14 Diese sich aus § 20 Abs. 6 Satz 2 ErbStG ergebenden Anforderungen sind nicht unverhältnismäßig. Es ist der Bank
zumutbar, das Konto vor Auskehrung des Guthabens auf solche Zahlungen hin zu überprüfen, die nach dem Tod
eines Erblassers und in offensichtlicher Unkenntnis von seinem Tod geleistet worden sind. Es handelt sich dabei nicht
um Zahlungsvorgänge im Massenverfahren, sondern um einen Sonderfall, in dem die Klägerin bei sorgfältiger und
qualifizierter Bearbeitung in der Lage gewesen wäre, die Sicherungsinteressen des FA vollständig zu wahren.
15 2. Da das FG von anderen Grundsätzen ausgegangen ist, war die Vorentscheidung aufzuheben. Die Sache ist
spruchreif. Die Klägerin haftet nach § 20 Abs. 6 Satz 2 ErbStG für die Erbschaftsteuer, die aus dem bei ihr geführten
Konto nicht entrichtet werden konnte, weil sie fahrlässig die Rentenzahlungen, die 16 Monate über den Tod der H
hinaus weiter geleistet worden waren, nicht zusätzlich zu dem Betrag zurückbehalten hatte, der vom FA in der
Unbedenklichkeitsbescheinigung bestimmt worden war.
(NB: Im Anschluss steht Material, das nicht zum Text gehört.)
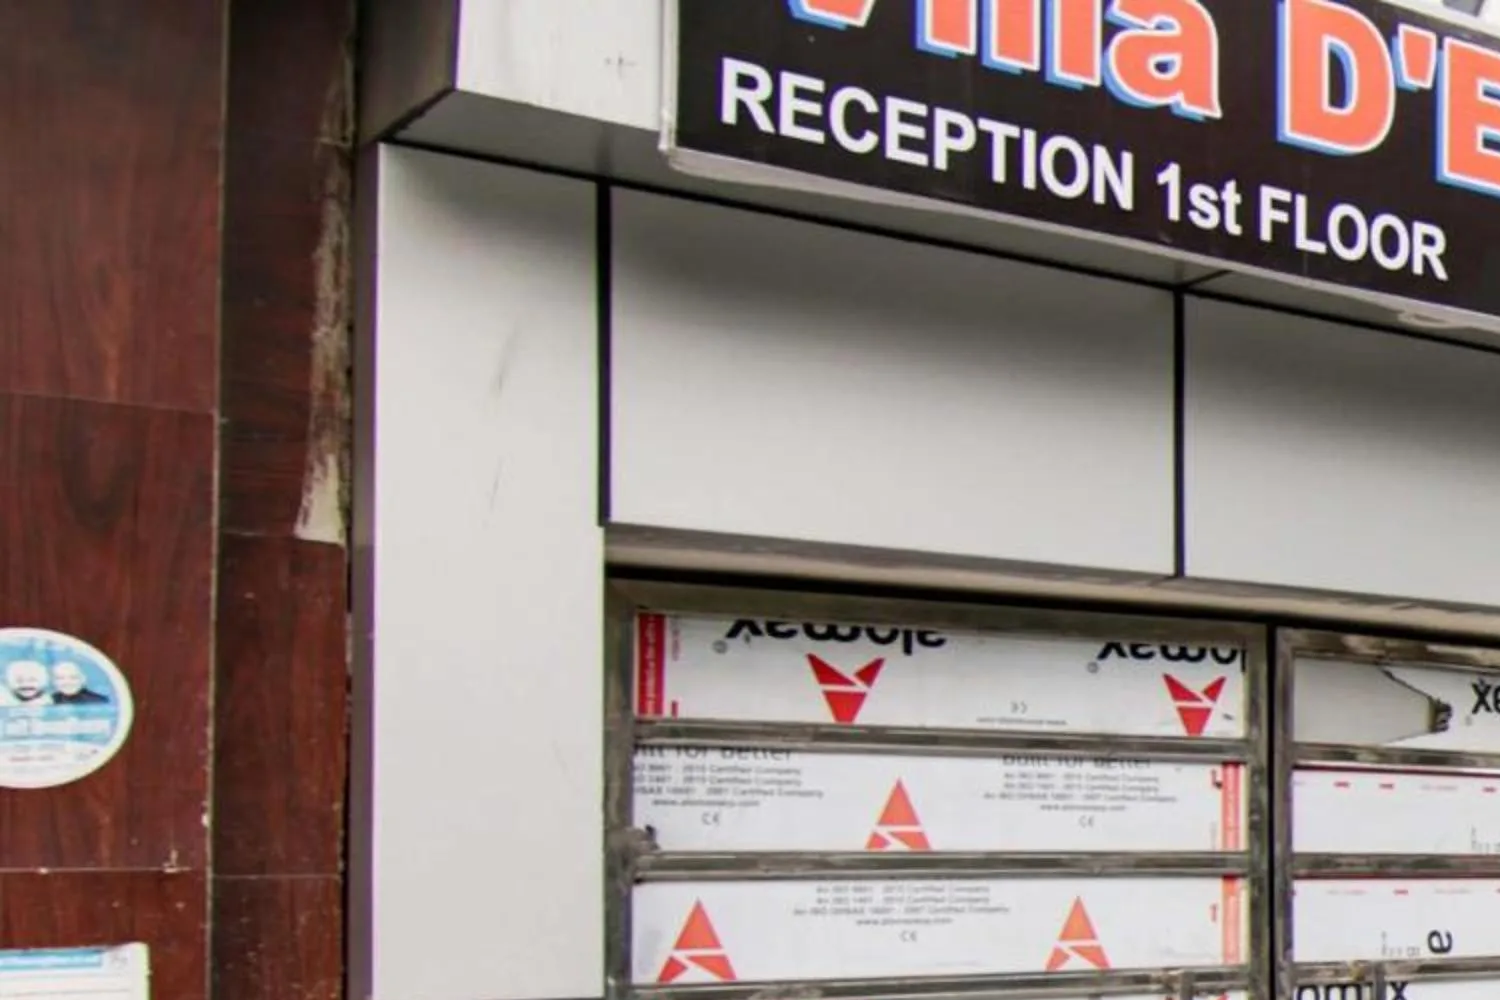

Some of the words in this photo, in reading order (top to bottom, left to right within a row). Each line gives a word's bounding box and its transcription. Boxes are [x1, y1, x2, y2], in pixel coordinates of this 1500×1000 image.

[720, 58, 1134, 211] RECEPTION
[1156, 161, 1244, 236] 1st
[1259, 184, 1449, 282] FLOOR
16 Die Inanspruchnahme der Klägerin durch Haftungsbescheid (§ 191 Abs. 1 Satz 1 der Abgabenordnung --AO--) lag
zwar im Ermessen des FA (§ 5 AO). Da S die restliche Erbschaftsteuer trotz wiederholter Aufforderungen nicht
entrichtet hatte und im Ausland wohnhaft war, hat das FA jedoch die gesetzlichen Grenzen des Ermessens nicht
überschritten und von seinem Ermessen auch in einer dem Zweck der Ermächtigung entsprechenden Weise
Gebrauch gemacht (§ 102 Satz 1 FGO).